[Opening Record extracts section]

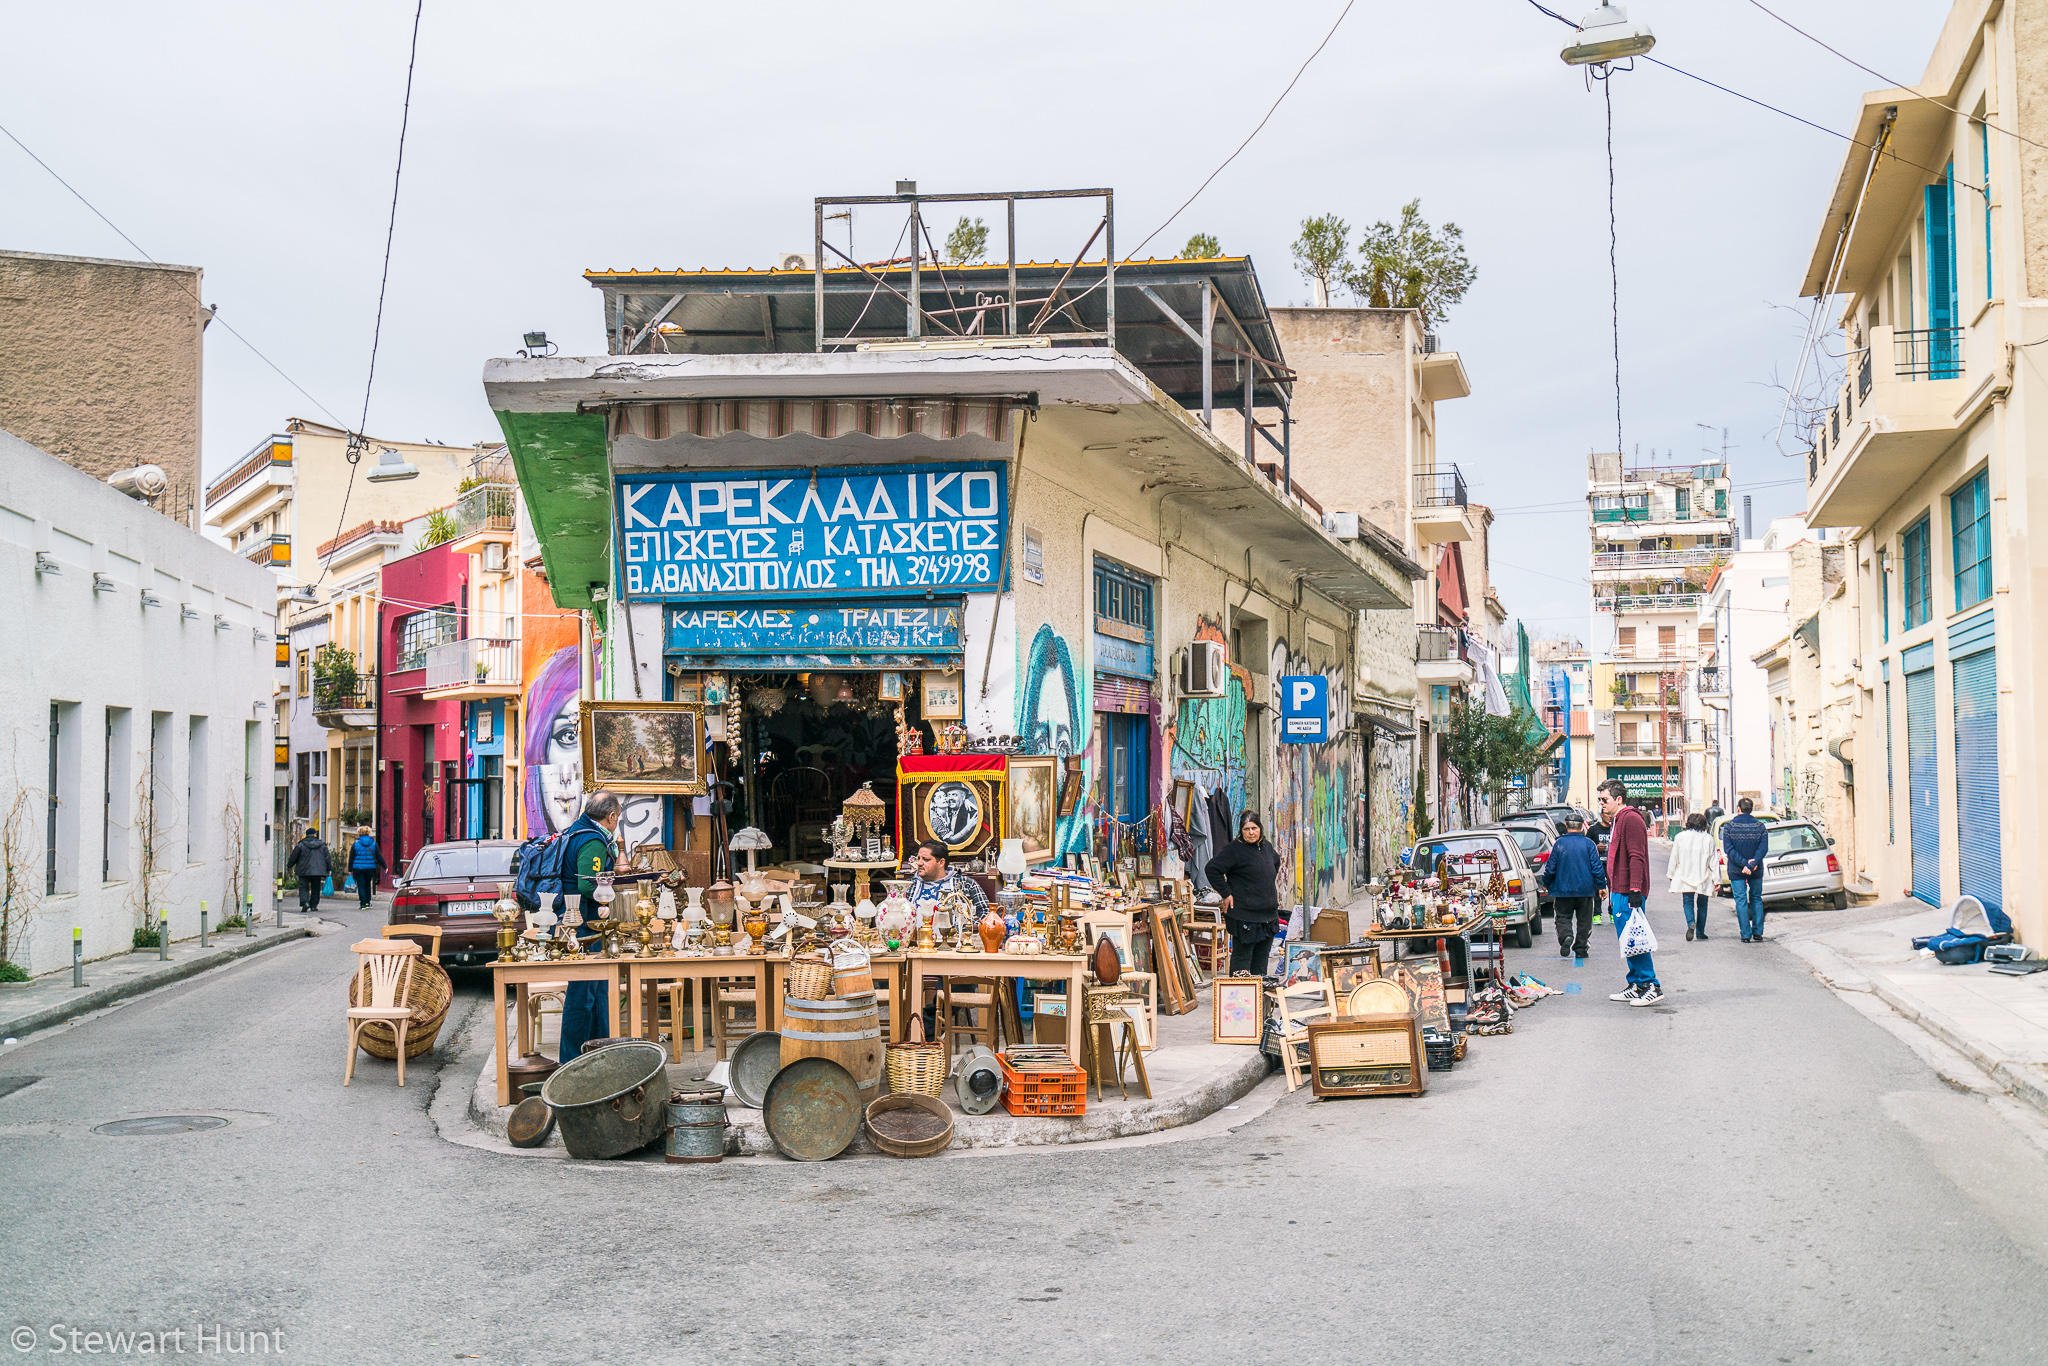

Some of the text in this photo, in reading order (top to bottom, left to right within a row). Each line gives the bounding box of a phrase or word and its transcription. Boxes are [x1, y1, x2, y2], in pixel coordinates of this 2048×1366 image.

[622, 471, 999, 529] ΚΑΡΕΚΛΑΔΙΚΟ
[625, 519, 999, 563] ΕΠΙΣΚΕΥΕΣ ΚΑΤΑΣΚΕΥΕΣ
[857, 557, 901, 587] ΤΗΛ
[906, 553, 990, 585] 3249998
[672, 608, 957, 628] ΚΑΡΕΚΛΕΣ ΤΡΑΠΕΖΙΑ
[1293, 681, 1316, 711] P
[592, 856, 601, 872] 3

[Closing Record extracts section]

Return every entry above exactly. Pictures stay out.

### [Problem solution]
Some of the text in this photo, in reading order (top to bottom, left to right within a row). Each line gives the bounding box of a phrase or word and its transcription. Boxes are [x1, y1, x2, y2], in pixel coordinates of this 2048×1366 image.

[622, 471, 999, 529] ΚΑΡΕΚΛΑΔΙΚΟ
[625, 519, 999, 563] ΕΠΙΣΚΕΥΕΣ ΚΑΤΑΣΚΕΥΕΣ
[857, 557, 901, 587] ΤΗΛ
[906, 553, 990, 585] 3249998
[672, 608, 957, 628] ΚΑΡΕΚΛΕΣ ΤΡΑΠΕΖΙΑ
[1293, 681, 1316, 711] P
[592, 856, 601, 872] 3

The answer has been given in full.